I’m having a hard time knowing where to even start what I want to say. I am struggling to find adequate words and, for those who know me, that should be shocking that I don’t know what to say.
My wife and I experienced something very recently that has forever changed us. At least, I pray to God that we are forever changed by this time. It is no secret to those who know us that things have been hard for us over the last year or so. We have been wounded in ways that cannot even really be expressed. Those wounds have come from a group of people that we thought could be trusted with us, with our hearts. I have heard far too many stories of the gaping holes blown in someone’s heart by the very ones they thought could be trusted in the Church.
It speaks of our own wretchedness that we feel that even those in the Church cannot be trusted. Friends, this should not be so.

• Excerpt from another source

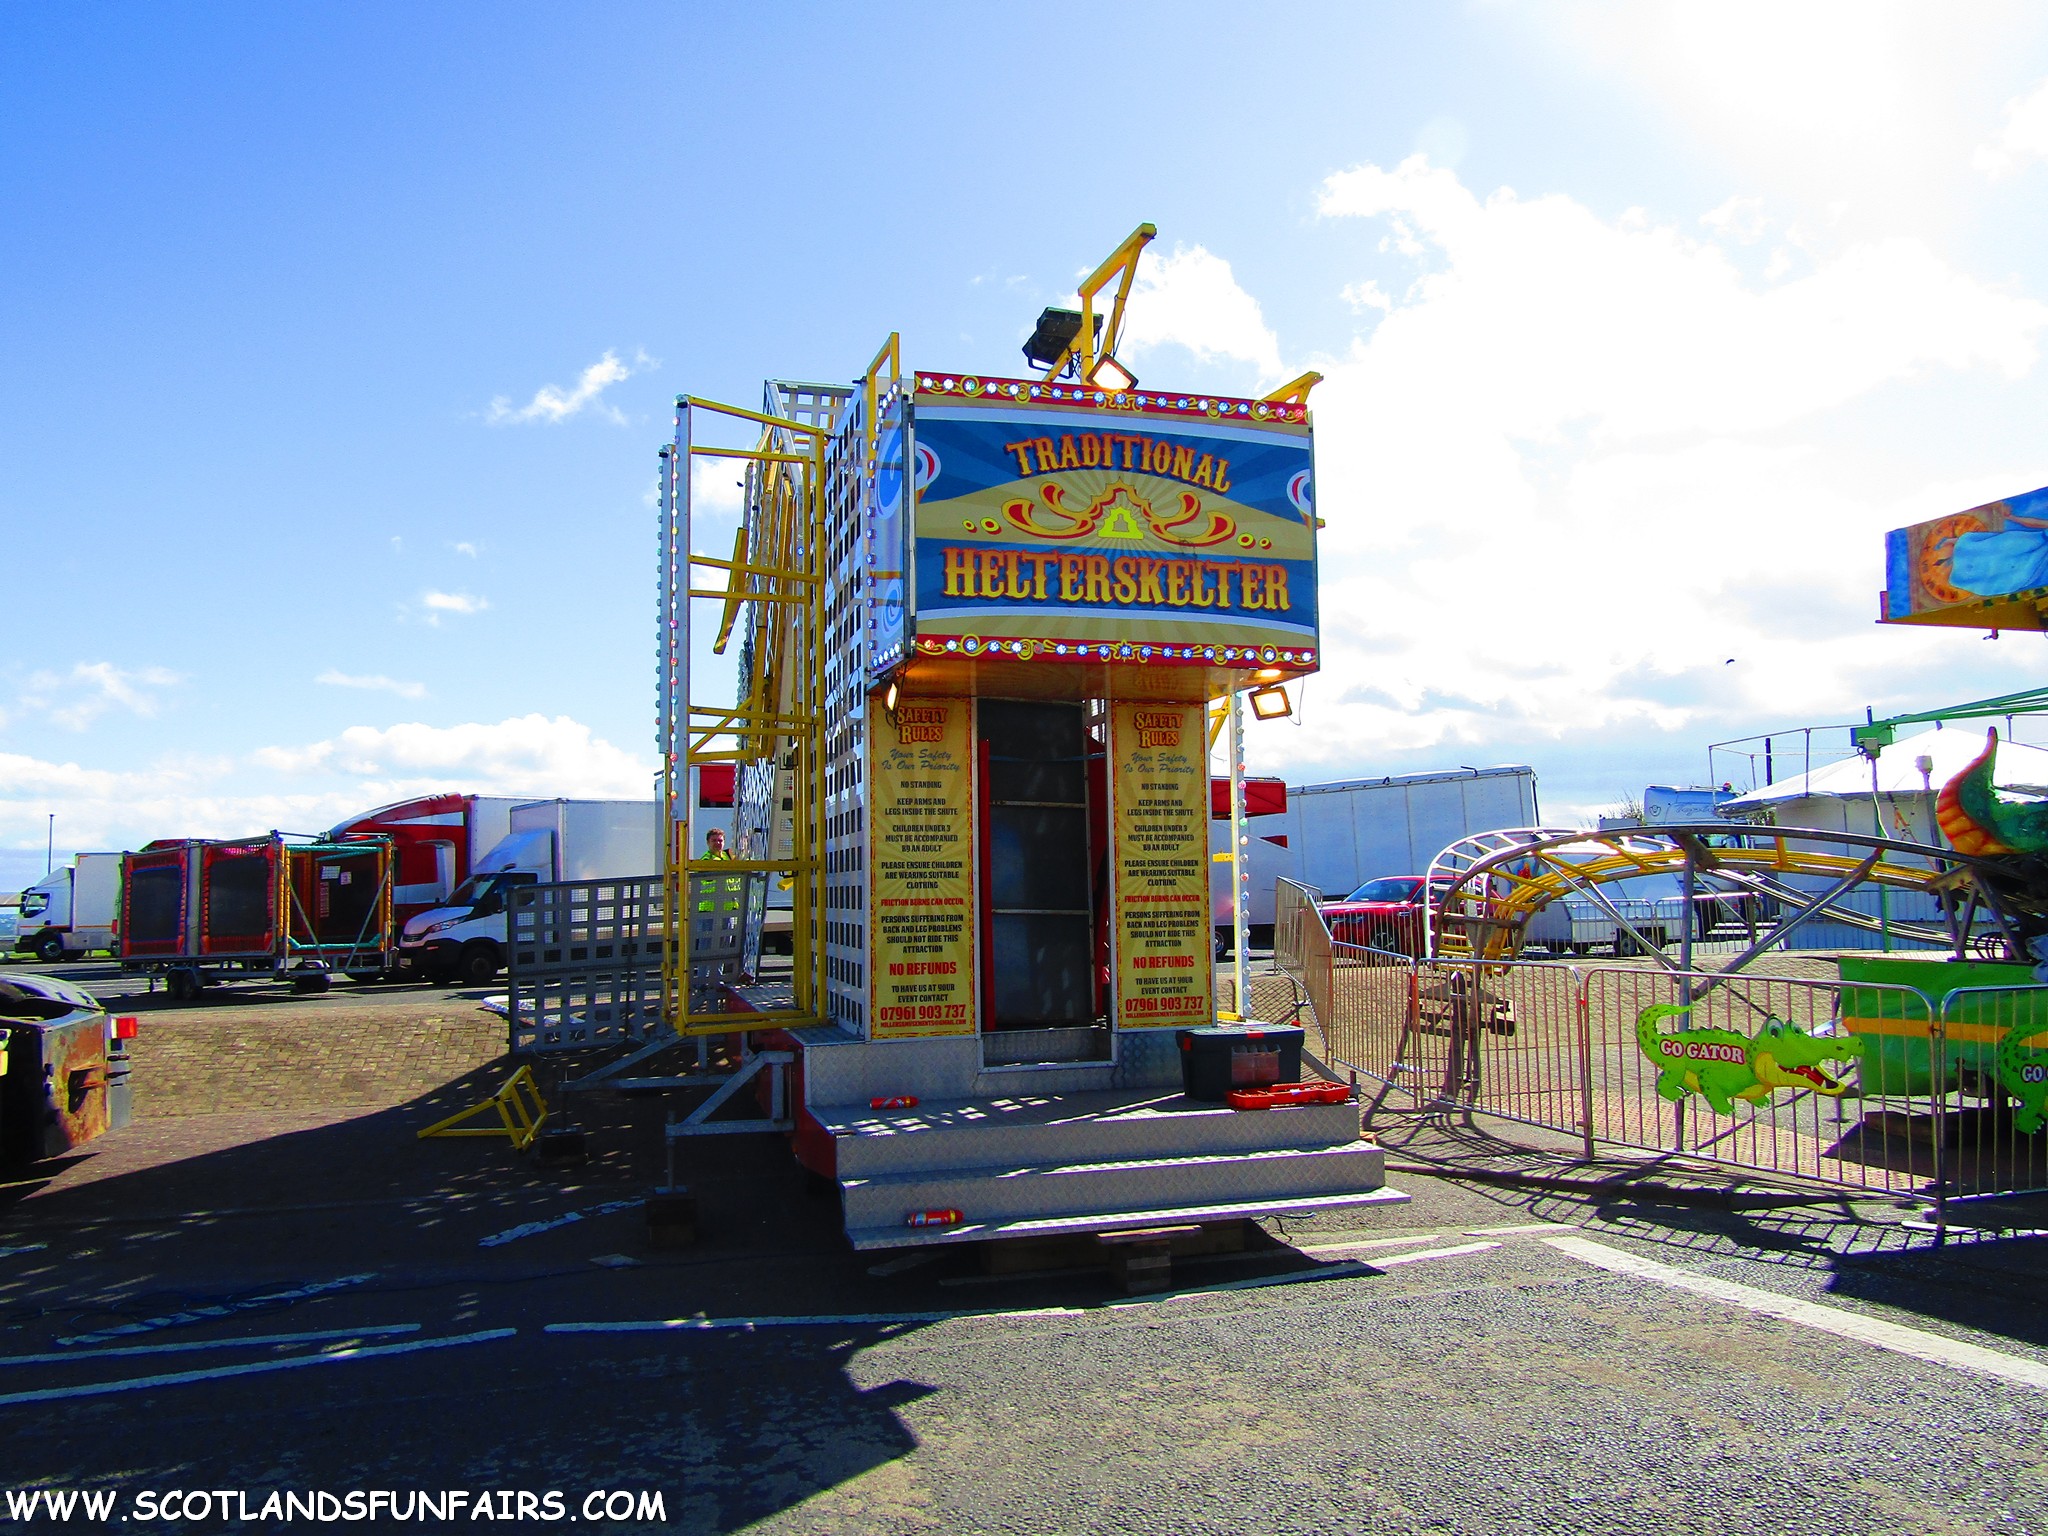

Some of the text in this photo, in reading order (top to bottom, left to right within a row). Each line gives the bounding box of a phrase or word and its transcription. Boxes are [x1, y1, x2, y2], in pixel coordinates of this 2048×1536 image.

After all the fighting and struggling over the last year, last week my wife and I got to take a break. Even the most elite soldiers need to come off the front lines at times and we were battered and tired and discouraged. We were in a place where some healing had begun but we were very tired from the pain, tired from the struggle, tired from it all.
I had personally resigned myself to an existence of merely hope. That sounds weird so let me explain. I had come to a place in my heart where I believed that hope was all I had to hold on to. Hope for true friendship, hope for being known and knowing someday. Someday but not now. I had come to believe that my wife and I were simply going to go without being truly close to anyone else ever again; that we would merely live on the hope that one day, when Christ returns, we could finally be vulnerable and accepted.
And then this last week happened. We were gifted a trip to Greece (I know, right?!). I don’t know who paid for it and don’t care. What I do know is that God’s hand was in it. On that trip we visited with some of my old high school classmates. It had been almost 30 years since many of us had seen each other.
And something remarkable happened.
The Sunday night we were there was one that will forever be branded on my soul. We came together for a time of sharing. What happened was one of the most beautiful moments of my life. Real life struggles came pouring out of people. Tears were shed. Lots of tears. Searing soul pain was shared, prayer abounded. There was laughter and anger and sorrow. I truly don’t have the words to express what happened in that room.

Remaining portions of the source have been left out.